The default setting in Canadian politics is "anti-American," which rears its adolescent head during crises - and elections. A particularly heartbreaking example of the former happened on Dec. 26, when Jane Creba, a Toronto teenager out shopping, got caught in the crossfire of a gang shooting. She died.

Toronto's mayor, David Miller, had this to say: "It's a sign that the lack of gun laws in the US is allowing guns to flood across the border that are literally being used to kill people in the streets of Toronto."

In case we missed the point, he added, "The US is exporting its problem of violence to the streets of Toronto." No one knows whether the gun that killed Jane Creba came from the United States, but if it did, Canadian security measures are in part responsible for allowing it in. And the two men accused in the shootout are Canadian. Though Mr. Miller won't face an election until November, he immediately turned to the default setting. As Jean Chrétien, Canada's former prime minister, and a shrewd reader of the Canadian public said in 1998, "I like to stand up to Americans. It's popular."

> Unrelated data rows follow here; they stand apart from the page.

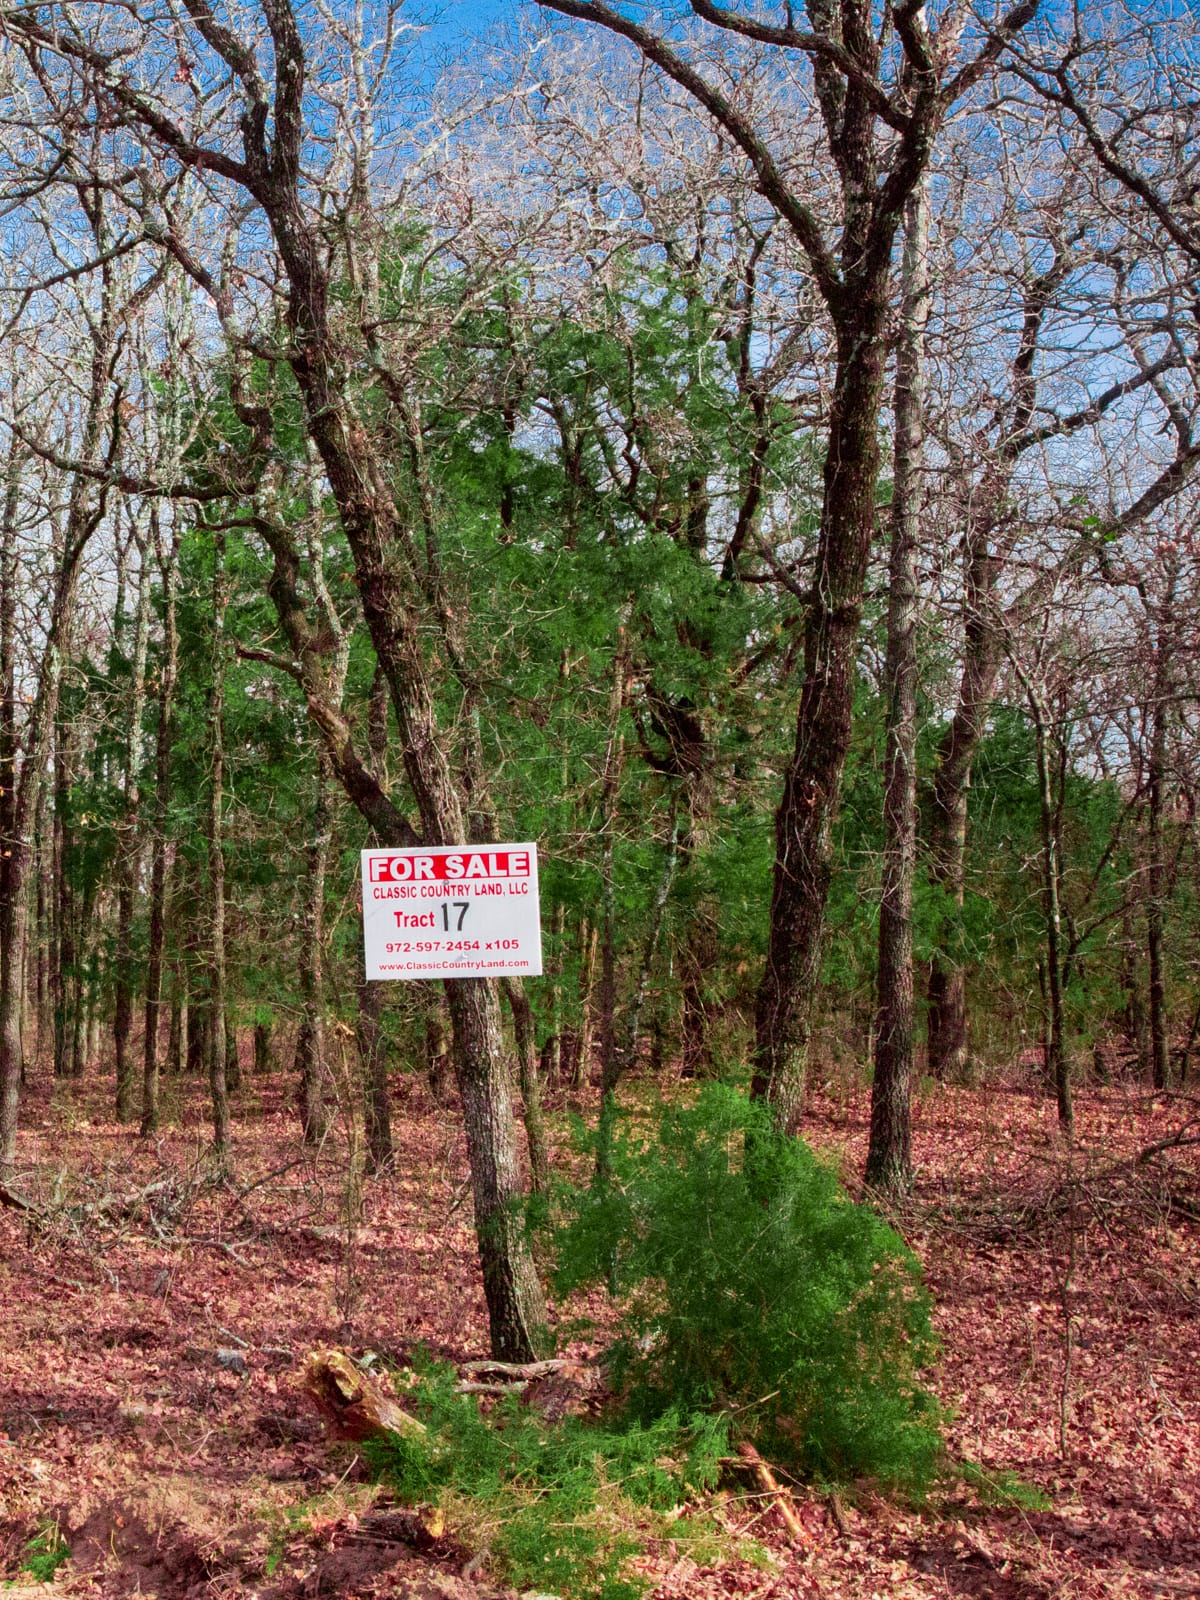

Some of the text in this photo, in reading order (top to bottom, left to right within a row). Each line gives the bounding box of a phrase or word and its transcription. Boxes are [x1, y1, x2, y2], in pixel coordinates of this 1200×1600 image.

[371, 853, 528, 880] FOR SALE
[374, 883, 528, 899] CLASSIC COUNTRY LAND, LLC
[394, 902, 470, 931] Tract 17
[386, 940, 519, 953] 972-597-2454 x105
[379, 960, 528, 970] www.ClassicCountryLand.com

With a federal election to be held Jan. 23, that observation plays out each day. And it hasn't gone unnoticed by US ambassador to Canada, David Wilkins. Unlike his predecessors, he has commented publicly on the phenomenon. Shortly before Christmas, speaking at a luncheon in Ottawa, he said, "It may be smart election politics to thump your chest and constantly criticize your friend and your No. 1 trading partner. But ... all of us should hope it doesn't have a long-term impact on our relationship." He was specifically referring to comments made by Paul Martin, Canada's prime minister, referring to American unwillingness to sign on to the Kyoto treaty.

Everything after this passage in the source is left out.